Compressive learning is an emerging approach to drastically reduce the memory footprint of large-scale learning, by first summarizing a large dataset into a low-dimensional sketch vector, and then decoding from this sketch the latent information needed for learning. In light of recent progress on information preservation guarantees for sketches based on random features, a major objective is to design easy-to-tune algorithms (called decoders) to robustly and efficiently extract this information. To address the underlying non-convex optimization problems, various heuristics have been proposed. In the case of compressive clustering, the standard heuristic is CL-OMPR, a variant of sliding Frank-Wolfe. Yet, CL-OMPR is hard to tune, and the examination of its robustness was overlooked. In this work, we undertake a scrutinized examination of CL-OMPR to circumvent its limitations. In particular, we show how this algorithm can fail to recover the clusters even in advantageous scenarios. To gain insight, we show how the deficiencies of this algorithm can be attributed to optimization difficulties related to the structure of a correlation function appearing at core steps of the algorithm. To address these limitations, we propose an alternative decoder offering substantial improvements over CL-OMPR. Its design is notably inspired from the mean shift algorithm, a classic approach to detect the local maxima of kernel density estimators. The proposed algorithm can extract clustering information from a sketch of the MNIST dataset that is 10 times smaller than previously.

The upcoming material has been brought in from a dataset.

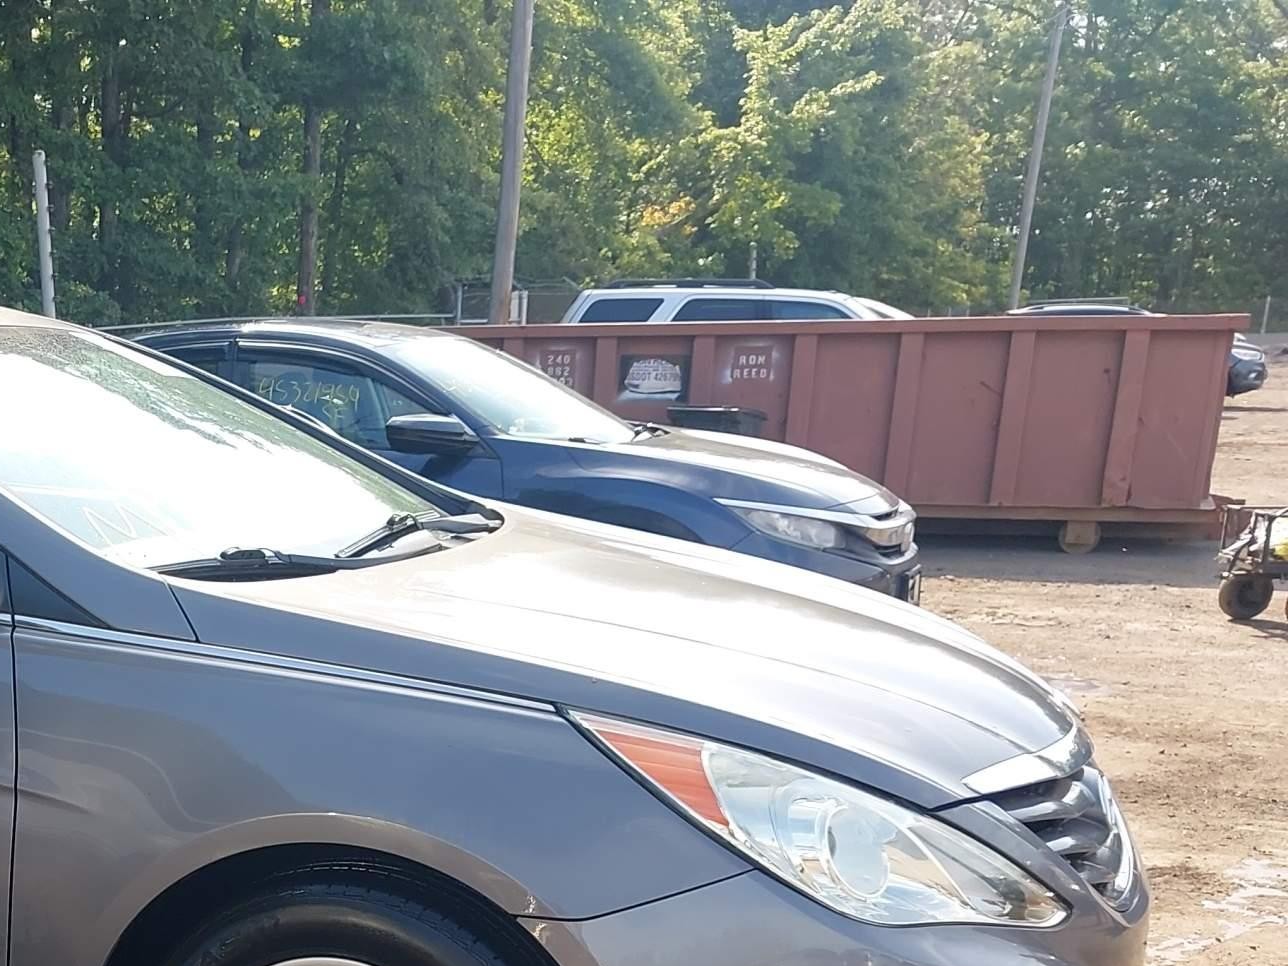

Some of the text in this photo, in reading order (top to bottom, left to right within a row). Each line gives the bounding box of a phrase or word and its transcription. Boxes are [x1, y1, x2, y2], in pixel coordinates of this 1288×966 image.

[547, 355, 570, 364] 240
[739, 355, 766, 365] RON
[733, 368, 767, 378] REED

翻译：压缩学习是一种新兴方法，旨在大幅降低大规模学习的内存占用：首先将大型数据集总结为低维草图向量，然后从该草图中解码学习所需的潜在信息。基于随机特征的草图信息保留保证方面取得的最新进展，一个主要目标是设计易于调优的算法（称为解码器），以稳健且高效地提取这些信息。为处理底层非凸优化问题，研究者提出了多种启发式方法。在压缩聚类场景中，标准启发式方法是CL-OMPR，即滑动弗兰克-沃尔夫算法的一种变体。然而，CL-OMPR难以调优，且其鲁棒性分析长期被忽视。本研究对CL-OMPR进行了审慎分析以规避其局限性。我们特别展示了该算法即使在有利场景中也可能无法恢复聚类。为深入理解，我们揭示了该算法的缺陷可归因于与算法核心步骤中出现的相关函数结构相关的优化困难。为应对这些局限，我们提出了一种替代解码器，其性能相比CL-OMPR有显著提升。该设计尤其受均值移位算法（一种经典核密度估计局部最大值检测方法）的启发。所提出的算法能从比先前小10倍的MNIST数据集草图中提取聚类信息。